The adolescent sports a rose-colored blossom in his hair – a emblem of the erotic commerce in Renaissance art. Northern Italian artists such as Titian and Palma Vecchio portrayed prostitutes holding blooms and, in a painting lost in the second world war but documented through images, Caravaggio represented a renowned woman prostitute, clutching a bouquet to her chest. The meaning of all these botanical indicators is clear: sex for sale.

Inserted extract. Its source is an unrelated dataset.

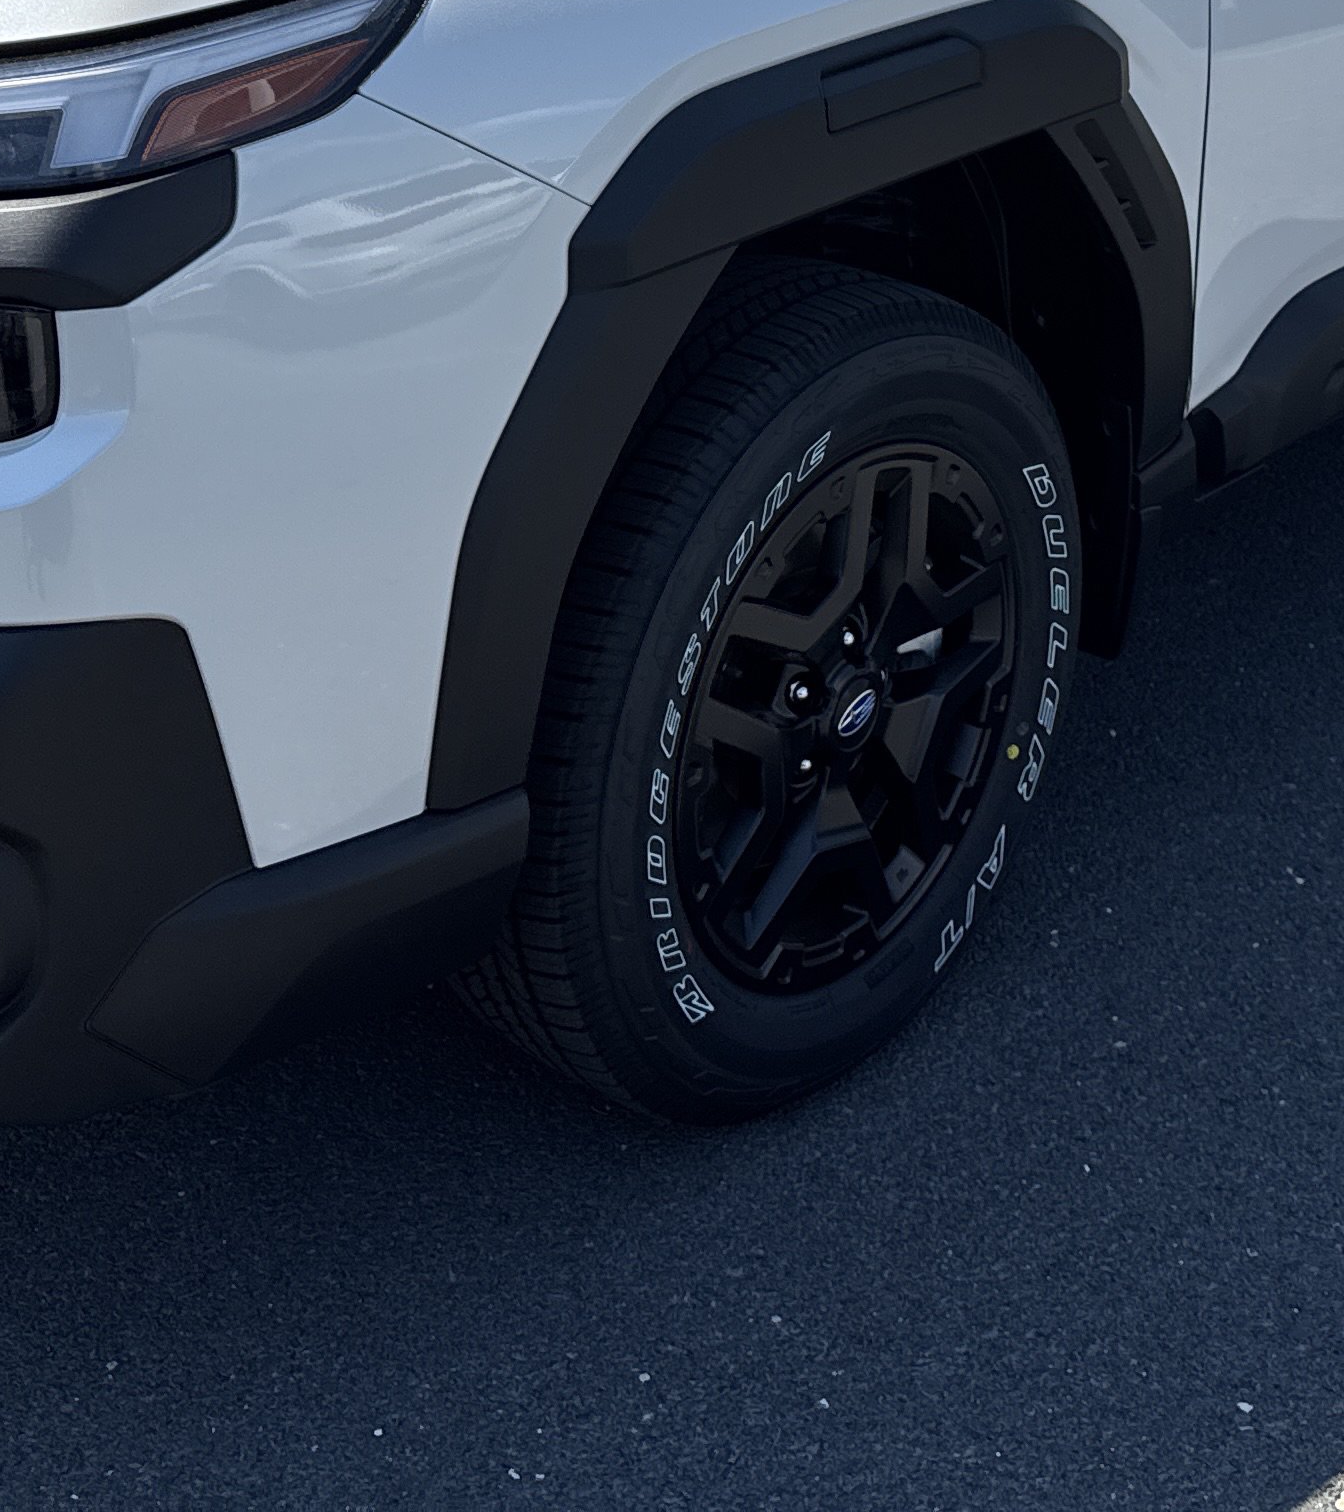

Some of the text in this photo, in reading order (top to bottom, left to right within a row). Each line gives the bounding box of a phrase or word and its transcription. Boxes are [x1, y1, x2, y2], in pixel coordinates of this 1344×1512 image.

How are we to make of the artist's sensual portrayals of boys – and of one boy in specific? It is a question that has divided his commentators ever since he gained mega-fame in the twentieth century. The complicated historical truth is that the artist was neither the homosexual icon that, for instance, Derek Jarman presented on film in his twentieth-century movie Caravaggio, nor so entirely devout that, as certain art historians improbably assert, his Youth Holding Fruit is actually a portrait of Christ.

His initial paintings do make explicit sexual implications, or including propositions. It's as if the painter, then a penniless young creator, aligned with Rome's prostitutes, offering himself to survive. In the Florentine gallery, with this idea in mind, observers might turn to another initial creation, the 1596 masterpiece Bacchus, in which the deity of wine stares calmly at you as he begins to undo the black sash of his robe.

A few years after Bacchus, what could have driven Caravaggio to paint Victorious Cupid for the artistic patron the nobleman, when he was at last growing almost established with important ecclesiastical projects? This profane non-Christian god revives the erotic provocations of his early paintings but in a increasingly intense, unsettling way. Half a century later, its hidden meaning seemed obvious: it was a portrait of the painter's companion. A English visitor saw Victorious Cupid in about 1649 and was told its figure has "the body & face of [Caravaggio's|his] owne youth or servant that laid with him". The name of this adolescent was Francesco.

The painter had been dead for about forty annums when this story was recorded.

Amanda Johnson
Amanda Johnson

Tech enthusiast and writer passionate about emerging technologies and their impact on society, with a background in software development.